┌────────

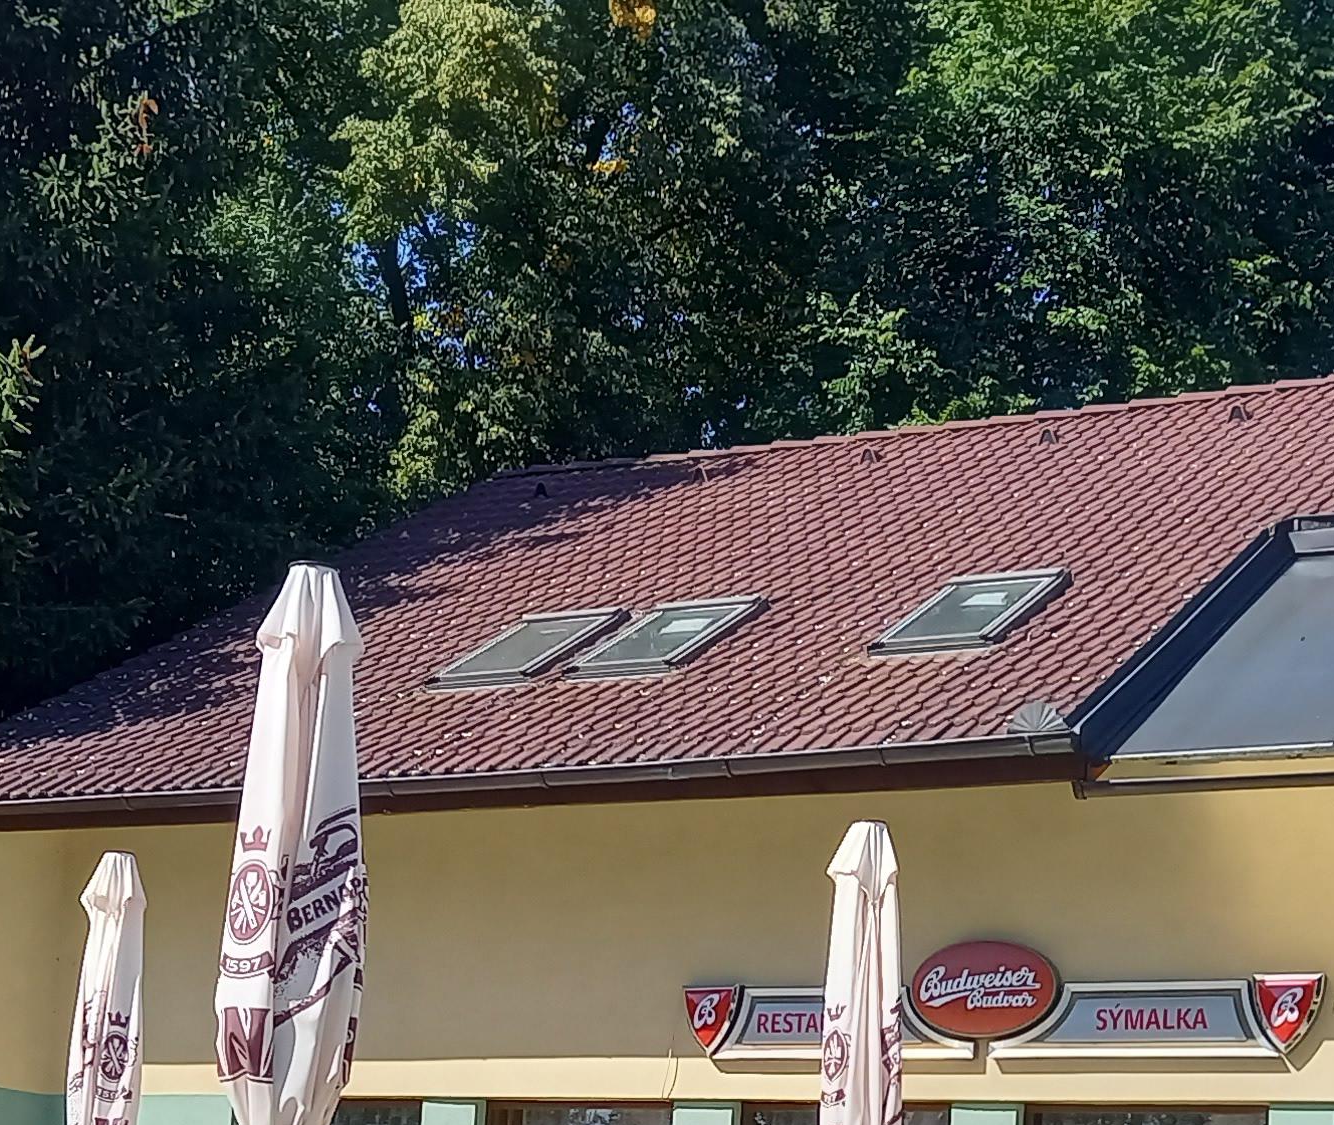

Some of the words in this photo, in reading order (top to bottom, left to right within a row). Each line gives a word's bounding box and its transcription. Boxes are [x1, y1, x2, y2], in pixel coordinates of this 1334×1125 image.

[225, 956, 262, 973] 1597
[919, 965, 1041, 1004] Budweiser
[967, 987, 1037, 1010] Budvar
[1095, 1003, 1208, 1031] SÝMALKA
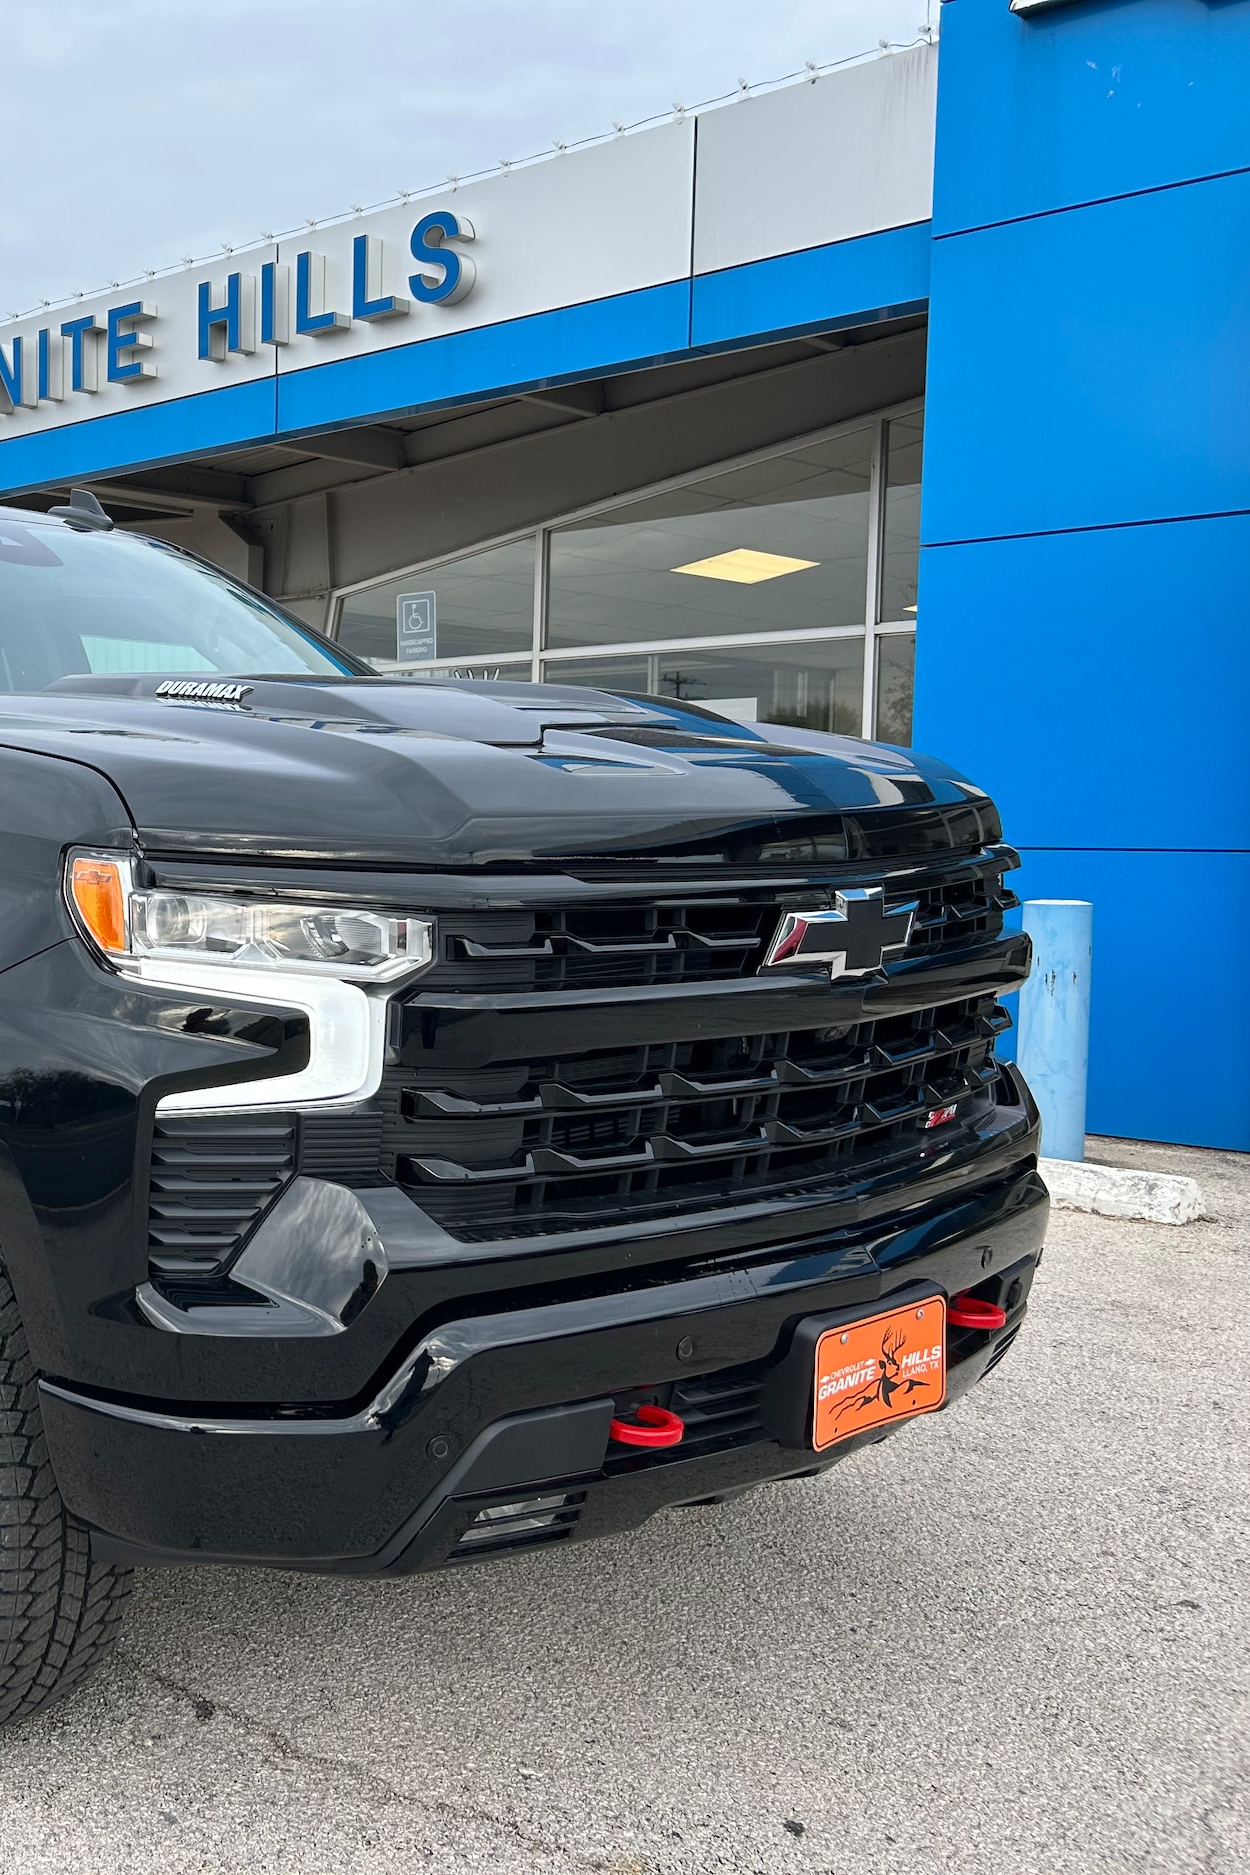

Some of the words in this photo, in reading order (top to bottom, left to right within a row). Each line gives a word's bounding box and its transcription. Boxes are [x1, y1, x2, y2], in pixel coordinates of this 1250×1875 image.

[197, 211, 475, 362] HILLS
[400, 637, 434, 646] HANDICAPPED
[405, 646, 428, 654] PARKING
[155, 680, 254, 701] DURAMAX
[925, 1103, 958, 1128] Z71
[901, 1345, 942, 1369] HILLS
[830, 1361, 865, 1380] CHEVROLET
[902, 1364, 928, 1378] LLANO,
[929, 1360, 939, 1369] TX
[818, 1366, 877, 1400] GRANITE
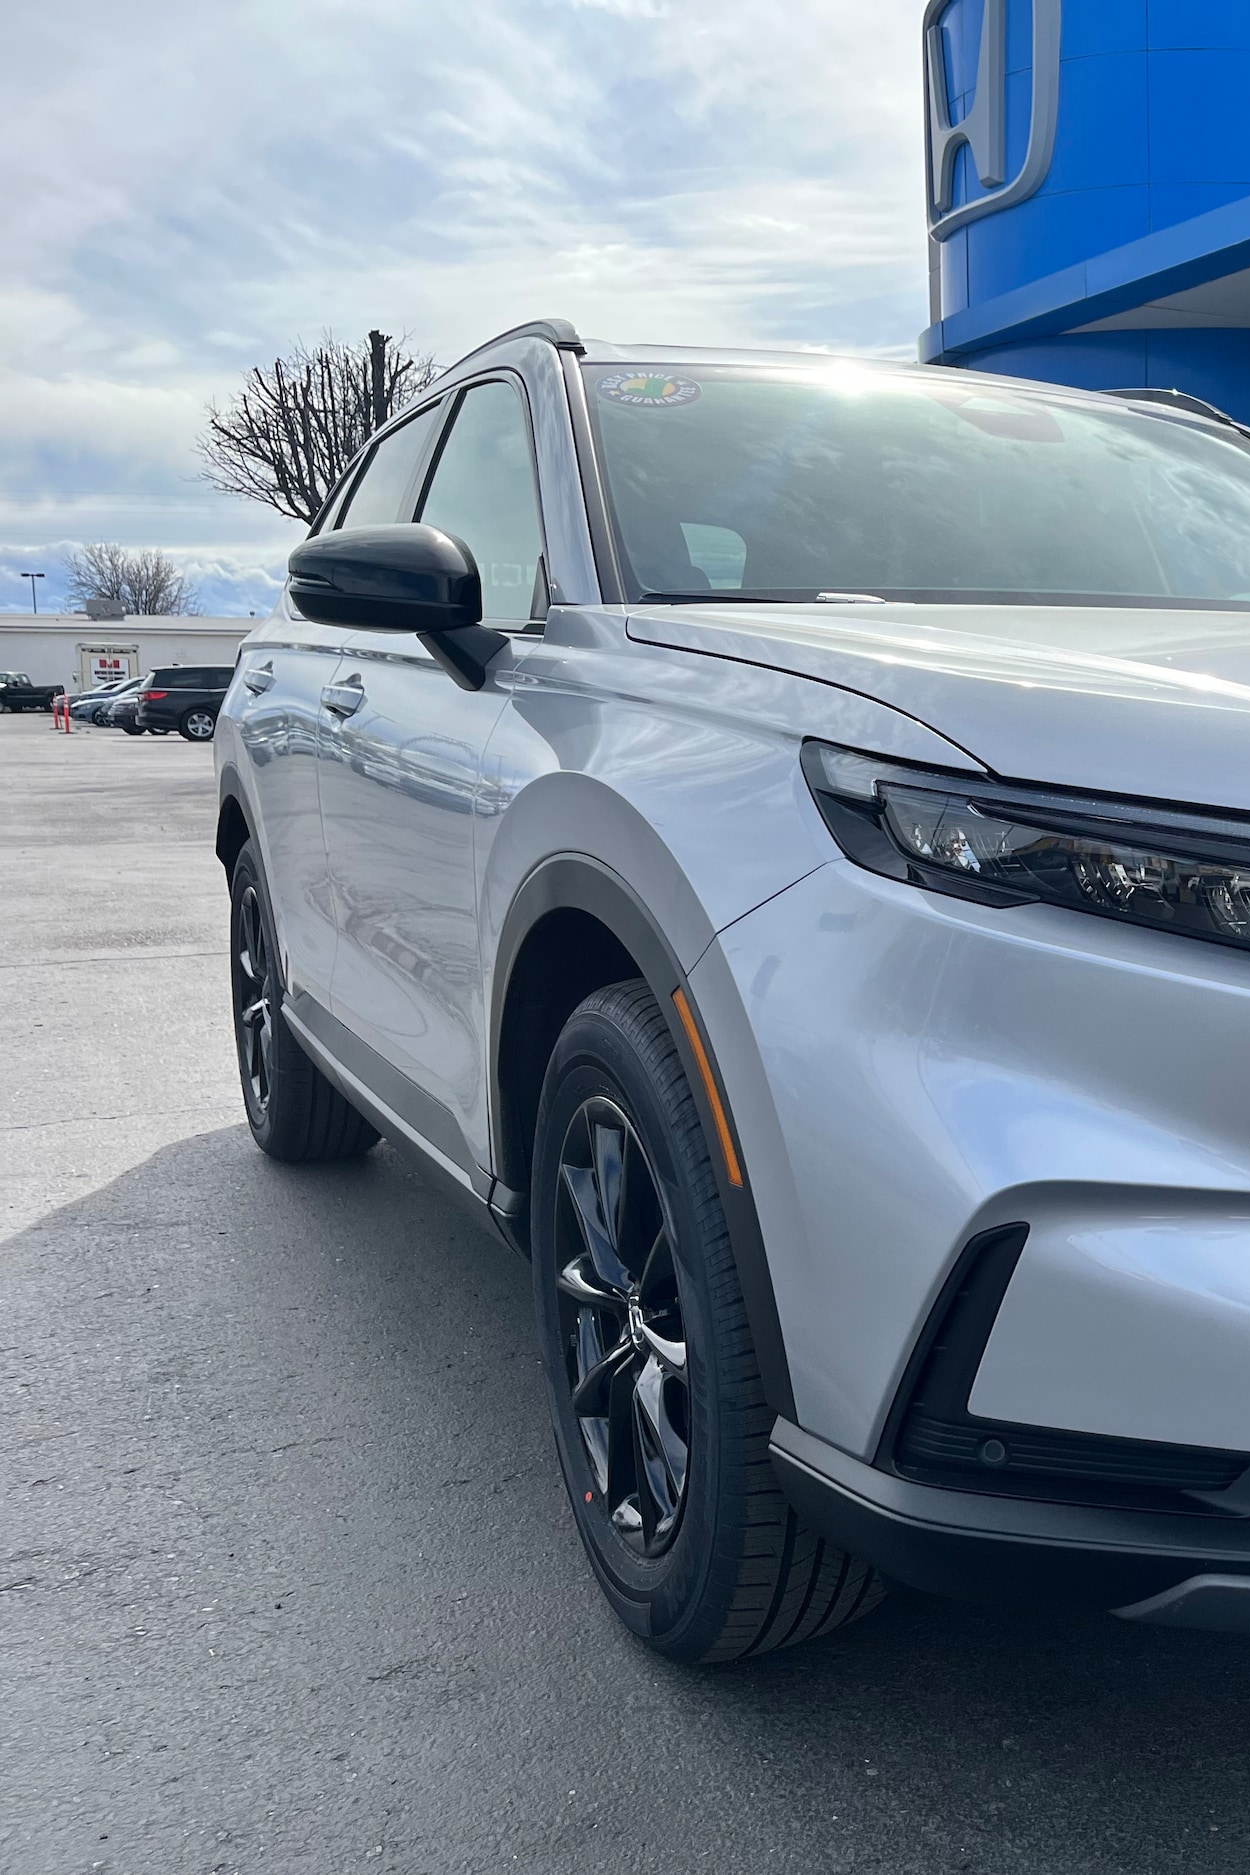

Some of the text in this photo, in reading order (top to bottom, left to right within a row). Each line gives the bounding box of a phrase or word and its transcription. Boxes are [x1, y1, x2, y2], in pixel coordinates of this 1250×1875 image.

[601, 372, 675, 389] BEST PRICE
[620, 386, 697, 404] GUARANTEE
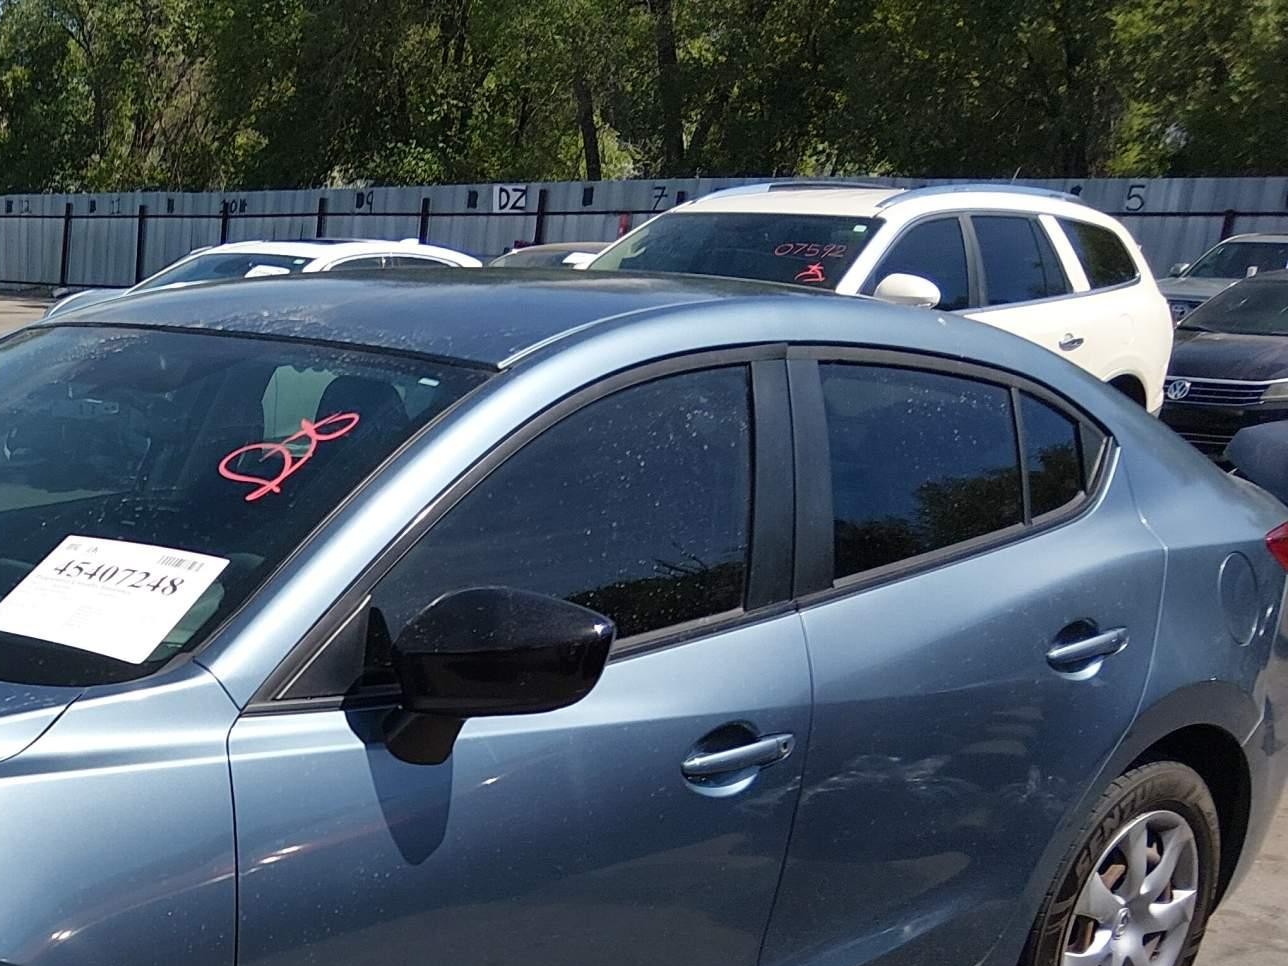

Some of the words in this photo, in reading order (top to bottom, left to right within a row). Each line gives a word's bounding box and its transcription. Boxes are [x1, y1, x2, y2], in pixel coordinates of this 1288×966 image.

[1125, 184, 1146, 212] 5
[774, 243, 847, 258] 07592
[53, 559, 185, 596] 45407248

└────────

EXERCISE OBJECTIVE
The expected answer is the full listing above, transcribed exactly and without pictures.

RESULT OF THE TASK
Some of the words in this photo, in reading order (top to bottom, left to right within a row). Each line gives a word's bounding box and its transcription. Boxes are [x1, y1, x2, y2], in pixel coordinates of this 1334×1125 image.

[225, 956, 262, 973] 1597
[919, 965, 1041, 1004] Budweiser
[967, 987, 1037, 1010] Budvar
[1095, 1003, 1208, 1031] SÝMALKA

Some of the words in this photo, in reading order (top to bottom, left to right within a row). Each line gives a word's bounding box and its transcription. Boxes are [x1, y1, x2, y2], in pixel coordinates of this 1250×1875 image.

[197, 211, 475, 362] HILLS
[400, 637, 434, 646] HANDICAPPED
[405, 646, 428, 654] PARKING
[155, 680, 254, 701] DURAMAX
[925, 1103, 958, 1128] Z71
[901, 1345, 942, 1369] HILLS
[830, 1361, 865, 1380] CHEVROLET
[902, 1364, 928, 1378] LLANO,
[929, 1360, 939, 1369] TX
[818, 1366, 877, 1400] GRANITE

Some of the text in this photo, in reading order (top to bottom, left to right within a row). Each line gives the bounding box of a phrase or word and its transcription. Boxes are [x1, y1, x2, y2], in pixel coordinates of this 1250×1875 image.

[601, 372, 675, 389] BEST PRICE
[620, 386, 697, 404] GUARANTEE

Some of the words in this photo, in reading order (top to bottom, left to right within a row). Each line gives a word's bounding box and its transcription. Boxes are [x1, y1, x2, y2], in pixel coordinates of this 1288×966 image.

[1125, 184, 1146, 212] 5
[774, 243, 847, 258] 07592
[53, 559, 185, 596] 45407248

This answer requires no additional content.